■ Exercise instructions:
Output only this range of the data below: the line that contains "Some of the words" through the final line, both ends included, each retyped exactly.

■ Input:

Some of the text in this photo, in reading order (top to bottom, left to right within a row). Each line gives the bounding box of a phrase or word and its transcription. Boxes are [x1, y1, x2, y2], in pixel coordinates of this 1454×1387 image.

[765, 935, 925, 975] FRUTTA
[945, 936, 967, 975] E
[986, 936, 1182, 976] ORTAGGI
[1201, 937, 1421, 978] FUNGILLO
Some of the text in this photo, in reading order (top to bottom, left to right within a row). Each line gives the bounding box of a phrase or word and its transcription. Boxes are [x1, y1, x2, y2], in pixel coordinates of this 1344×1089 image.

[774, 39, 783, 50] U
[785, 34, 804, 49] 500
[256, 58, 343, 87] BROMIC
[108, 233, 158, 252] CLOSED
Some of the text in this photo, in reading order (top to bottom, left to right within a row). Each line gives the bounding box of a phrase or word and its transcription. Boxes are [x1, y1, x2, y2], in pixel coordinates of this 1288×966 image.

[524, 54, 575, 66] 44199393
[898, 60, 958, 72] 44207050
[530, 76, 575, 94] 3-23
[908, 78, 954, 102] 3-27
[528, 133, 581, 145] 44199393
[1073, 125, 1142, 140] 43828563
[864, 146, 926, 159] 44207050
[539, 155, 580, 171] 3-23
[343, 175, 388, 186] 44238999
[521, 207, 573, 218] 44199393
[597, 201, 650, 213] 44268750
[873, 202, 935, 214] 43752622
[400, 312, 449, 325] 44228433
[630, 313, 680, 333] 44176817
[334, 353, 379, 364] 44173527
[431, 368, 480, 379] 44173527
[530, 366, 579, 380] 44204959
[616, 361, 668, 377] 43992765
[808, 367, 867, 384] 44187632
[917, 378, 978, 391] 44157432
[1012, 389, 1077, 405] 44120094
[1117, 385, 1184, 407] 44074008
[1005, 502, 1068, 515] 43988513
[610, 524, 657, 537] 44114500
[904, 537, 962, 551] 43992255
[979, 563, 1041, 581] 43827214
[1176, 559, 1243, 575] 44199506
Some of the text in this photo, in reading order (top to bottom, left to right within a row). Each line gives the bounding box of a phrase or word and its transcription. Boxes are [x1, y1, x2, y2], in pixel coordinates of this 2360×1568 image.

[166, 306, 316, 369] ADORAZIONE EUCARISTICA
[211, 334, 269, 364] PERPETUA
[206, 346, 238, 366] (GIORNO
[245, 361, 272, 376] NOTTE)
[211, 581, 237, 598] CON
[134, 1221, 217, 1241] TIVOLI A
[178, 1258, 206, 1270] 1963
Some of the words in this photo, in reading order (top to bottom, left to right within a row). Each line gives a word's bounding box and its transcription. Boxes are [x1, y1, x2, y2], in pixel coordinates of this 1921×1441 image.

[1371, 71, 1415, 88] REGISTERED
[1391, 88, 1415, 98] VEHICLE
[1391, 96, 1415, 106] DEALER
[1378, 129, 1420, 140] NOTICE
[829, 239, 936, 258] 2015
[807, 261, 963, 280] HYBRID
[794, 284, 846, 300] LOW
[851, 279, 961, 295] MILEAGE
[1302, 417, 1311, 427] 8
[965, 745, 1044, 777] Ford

■ Exercise result:
Some of the words in this photo, in reading order (top to bottom, left to right within a row). Each line gives a word's bounding box and its transcription. Boxes are [x1, y1, x2, y2], in pixel coordinates of this 1921×1441 image.

[1371, 71, 1415, 88] REGISTERED
[1391, 88, 1415, 98] VEHICLE
[1391, 96, 1415, 106] DEALER
[1378, 129, 1420, 140] NOTICE
[829, 239, 936, 258] 2015
[807, 261, 963, 280] HYBRID
[794, 284, 846, 300] LOW
[851, 279, 961, 295] MILEAGE
[1302, 417, 1311, 427] 8
[965, 745, 1044, 777] Ford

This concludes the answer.